Russ had not been to medical school, but he was well versed in health issues ranging from the everyday to the obscure. He claimed this was because he had only ever worked in medical development, but I would not have been surprised to learn that he rose early each morning to peruse science journals before hitting the gym.

He glanced at me briefly as we began down a corridor. I was relieved that his eyes didn’t unsettle me and he was back to looking like regular old Russ. “Do you want the politically correct answer, or my real answer?”

“The latter.”

“Let’s just say I only needed to pop one Vicodin to know I should never take another. It’s different for different people, though. Some people fall asleep on painkillers.
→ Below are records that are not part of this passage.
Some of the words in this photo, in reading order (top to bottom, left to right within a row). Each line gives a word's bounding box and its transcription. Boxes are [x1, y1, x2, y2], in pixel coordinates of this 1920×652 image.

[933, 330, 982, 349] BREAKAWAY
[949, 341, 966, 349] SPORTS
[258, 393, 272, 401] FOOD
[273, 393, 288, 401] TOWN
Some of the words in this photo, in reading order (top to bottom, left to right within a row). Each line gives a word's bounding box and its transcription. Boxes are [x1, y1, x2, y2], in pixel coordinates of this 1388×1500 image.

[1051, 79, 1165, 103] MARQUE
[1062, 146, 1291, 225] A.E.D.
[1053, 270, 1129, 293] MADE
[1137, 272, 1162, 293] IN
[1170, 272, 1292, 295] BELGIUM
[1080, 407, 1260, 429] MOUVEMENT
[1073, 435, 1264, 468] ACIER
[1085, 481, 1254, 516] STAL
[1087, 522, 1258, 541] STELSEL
Others feel euphoric, like they can do anything, and that’s usually what gets you hooked. If a doctor prescribes them to you—which, given what we know now, they probably shouldn’t unless you’re out of options—you’d better hope you’re in the pass-out category.” Now he was staring at me intently. “Tell me you’re not doing that junk, Penny. It’ll kill you.”

My expression must have betrayed me, because Russ did a double take. “Whoa—wait a second. Is that what happened to your friend?”
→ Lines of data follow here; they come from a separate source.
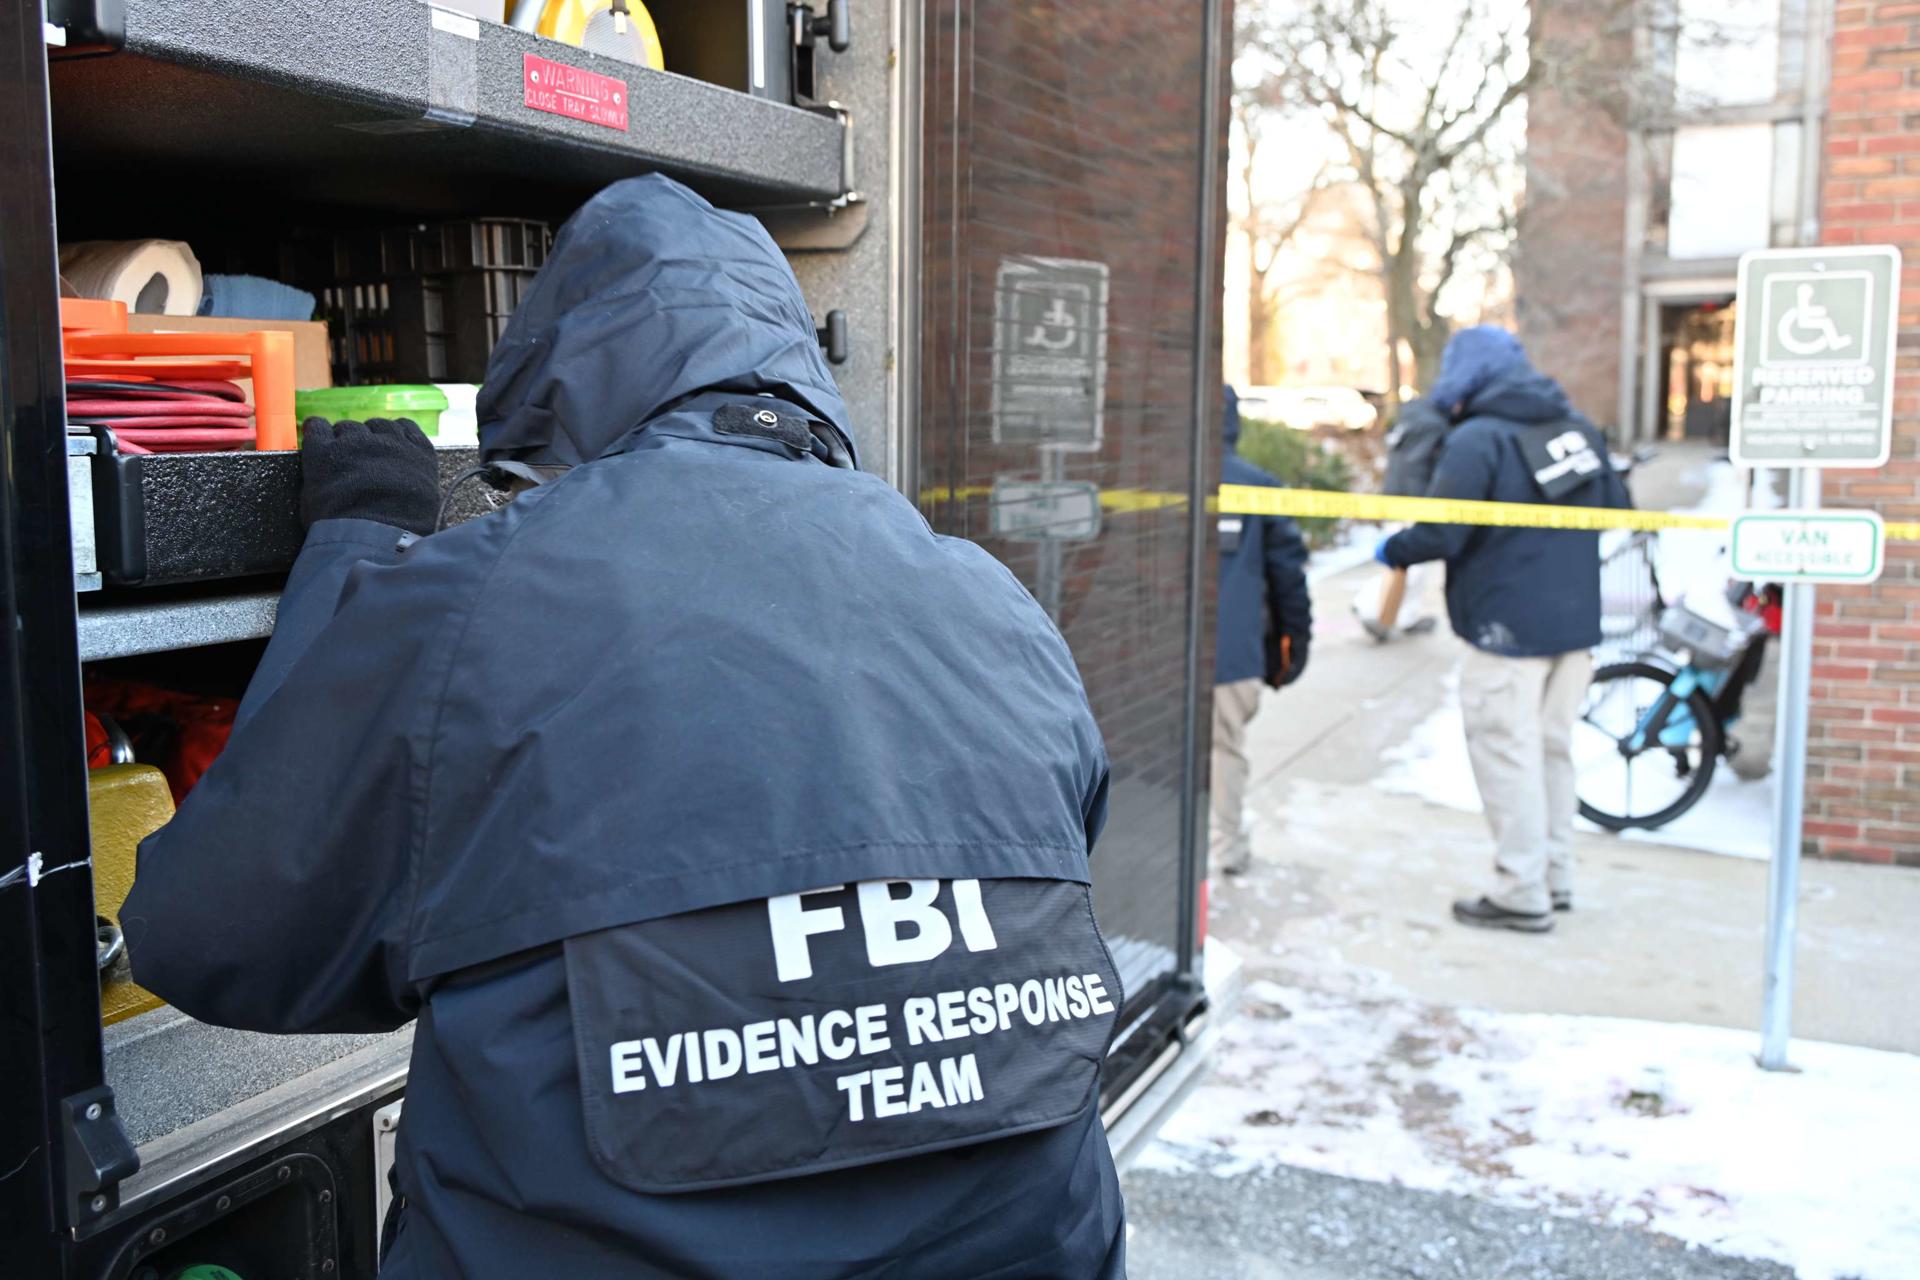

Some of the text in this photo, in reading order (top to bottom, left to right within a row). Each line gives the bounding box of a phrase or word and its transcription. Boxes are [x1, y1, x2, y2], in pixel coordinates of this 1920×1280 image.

[542, 64, 609, 101] WARNING
[526, 88, 625, 125] CLOSE TRAY SLOWLY
[1752, 366, 1876, 386] RESERVED
[1760, 386, 1865, 405] PARKING
[1781, 528, 1830, 546] VAN
[767, 879, 998, 982] FBI
[610, 974, 1116, 1094] EVIDENCE RESPONSE
[837, 1054, 984, 1122] TEAM
I blinked several times to pull myself together. In less than two minutes I would be discussing a several-million-dollar endowment with the dean who had the power to make or break my career, and it would not behoove me to walk in on the verge of tears. Also, I had just revealed a major secret to a coworker with whom I had an uneven relationship. “Please don’t say anything to anyone,” I said.

We had just reached the dean’s assistant’s desk, and Russ reminded her we had an appointment. Then he turned back to me. “I won’t,” he said quietly. “But for the record, I don’t think addiction should be a secret.”

Later that day, when only the janitor and I were left in the office, I sat at my desk and thought about the word Russ had used.

Addiction .

Matt hadn’t used that word, but the facts spoke for themselves.

How long had Jenny been hooked? How had I not noticed something was amiss?

Pen, how long did you overlook what was wrong in your marriage? I heard Jenny ask. You’ve had your head buried in the sand for years now.

“Your point,” I muttered.

As my imaginary friend had just reminded me, I needed to focus on my marriage. But what did I really want from Sanjay? And what did I want for us?

I could ask him to put his damn phone down once in a while, but would that really be enough to ease the underlying irritation I felt toward him?

No. But him doing more around the house and with the kids—without being asked to—would. So that would be my first request.

What else?

There was no question that he needed to begin bringing in more than a few hundred dollars here and there as well as the occasional check from his parents. I was grateful I had the ability to keep our family financially solvent, even if I did sometimes worry about what would happen if I, say, fell through an unsecured manhole cover and suffered a devastating brain injury. But our financial arrangement was looking permanent, and that kept me awake at night nearly as much as Miles’ bedwetting. I had been telling Sanjay it was fine—he would be making more money soon enough.

Well, he still wasn’t, and though I was loath to point this out, it wasn’t fine. I had bitten my tongue because I was worried the truth would crush his self-esteem and stifle his ambition. When he had first sat me down one morning and told me he was dropping out of medical school—“Today, Penny. I literally can’t do this for one more day”—I had mostly been relieved; he had been so damn miserable. “What are you going to do?” I had asked, and then he had confessed what I already knew to be true—he wanted to go back to writing.